▶ **Listed entries**:
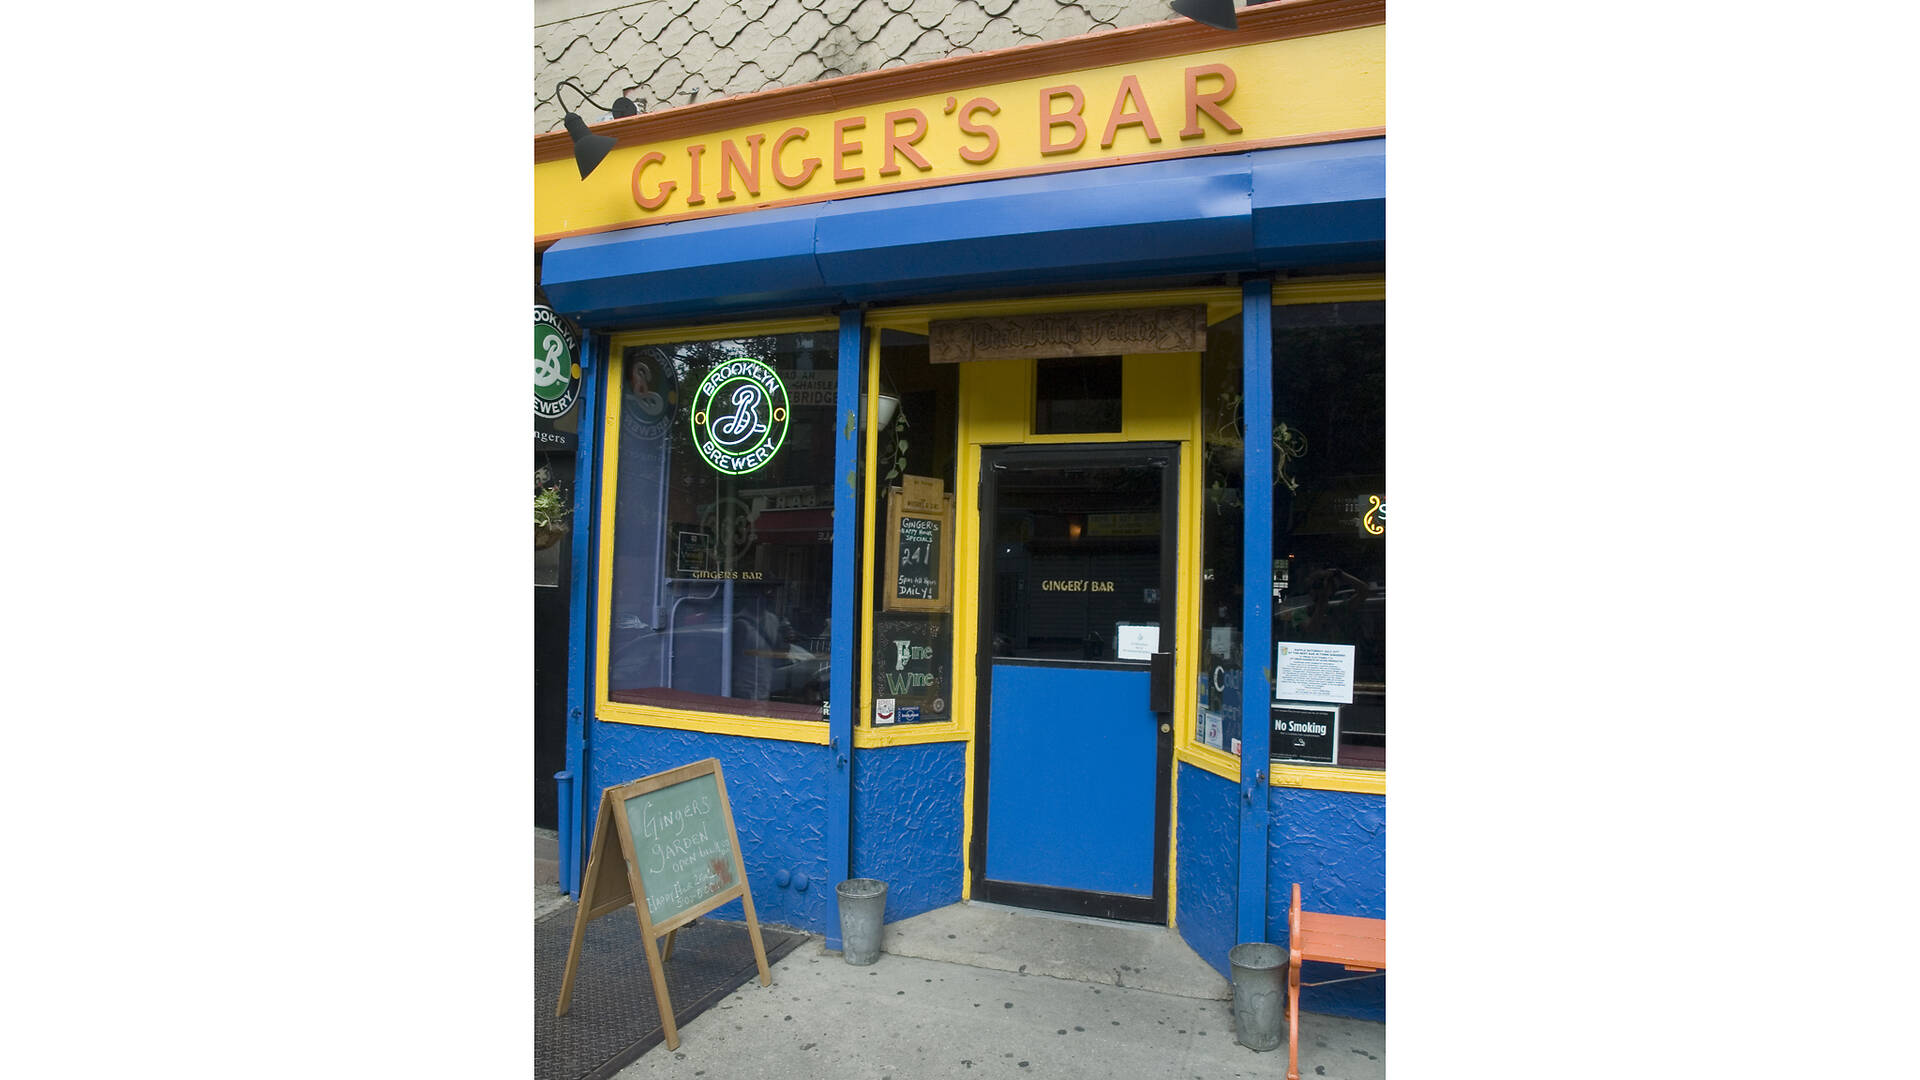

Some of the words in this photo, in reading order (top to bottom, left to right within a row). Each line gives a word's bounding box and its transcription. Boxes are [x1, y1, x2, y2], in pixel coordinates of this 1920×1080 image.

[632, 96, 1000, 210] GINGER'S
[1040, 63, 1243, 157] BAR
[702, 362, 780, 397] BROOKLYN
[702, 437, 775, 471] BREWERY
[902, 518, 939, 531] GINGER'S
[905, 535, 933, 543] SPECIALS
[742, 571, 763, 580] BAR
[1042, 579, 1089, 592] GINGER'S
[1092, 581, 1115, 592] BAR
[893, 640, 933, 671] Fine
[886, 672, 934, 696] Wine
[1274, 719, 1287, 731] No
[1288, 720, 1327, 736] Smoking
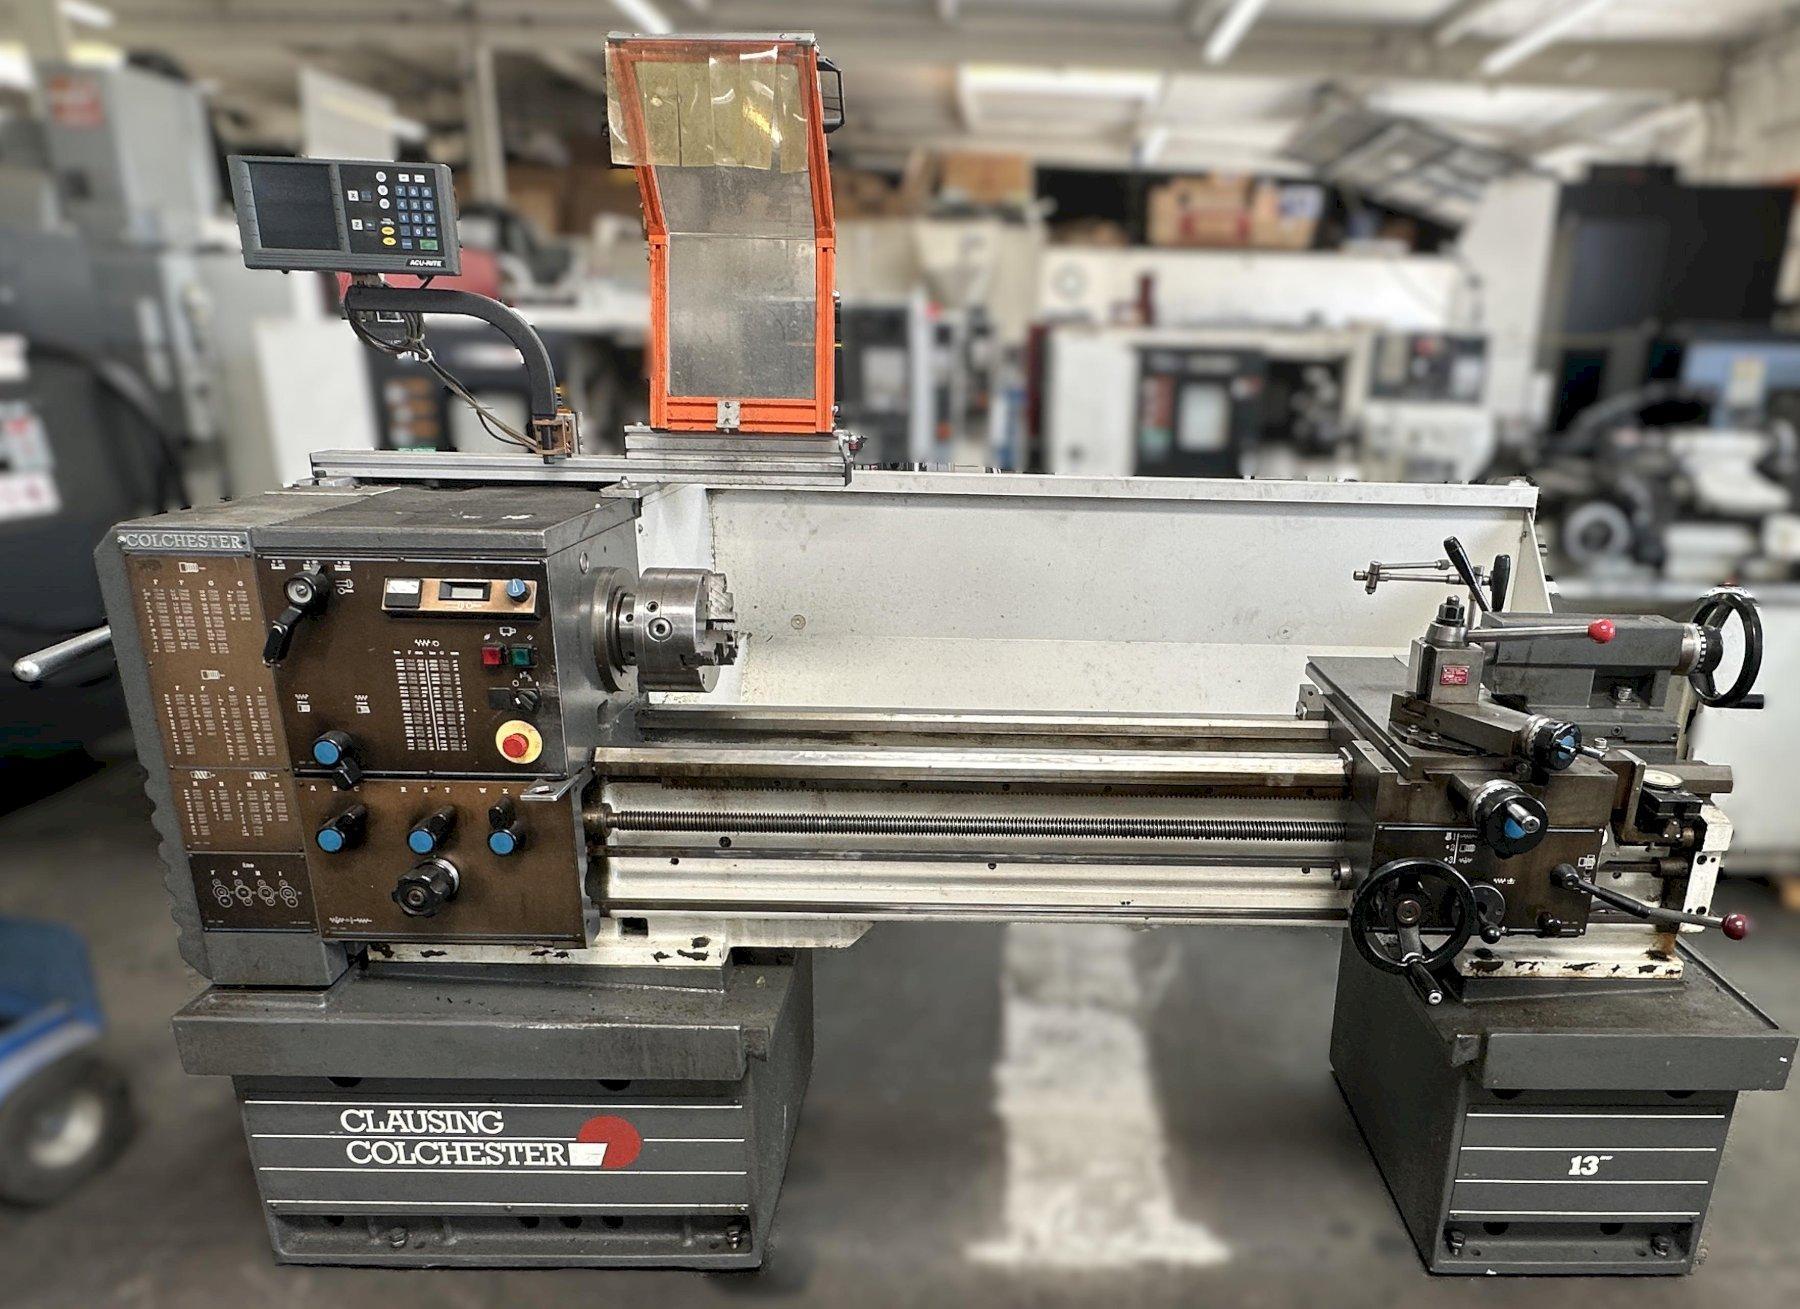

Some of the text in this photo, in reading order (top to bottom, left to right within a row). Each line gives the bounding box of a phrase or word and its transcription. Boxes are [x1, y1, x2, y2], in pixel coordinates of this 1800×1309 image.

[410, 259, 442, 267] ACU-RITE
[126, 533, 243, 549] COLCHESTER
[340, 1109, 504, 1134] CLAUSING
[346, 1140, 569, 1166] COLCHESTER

▶ **Task requirements**: Nothing but the line with "Some of the text" and the lines after it, through the end of the material, should appear in the output, word for word.

▶ **Written solution**:
Some of the text in this photo, in reading order (top to bottom, left to right within a row). Each line gives the bounding box of a phrase or word and its transcription. Boxes are [x1, y1, x2, y2], in pixel coordinates of this 1800×1309 image.

[410, 259, 442, 267] ACU-RITE
[126, 533, 243, 549] COLCHESTER
[340, 1109, 504, 1134] CLAUSING
[346, 1140, 569, 1166] COLCHESTER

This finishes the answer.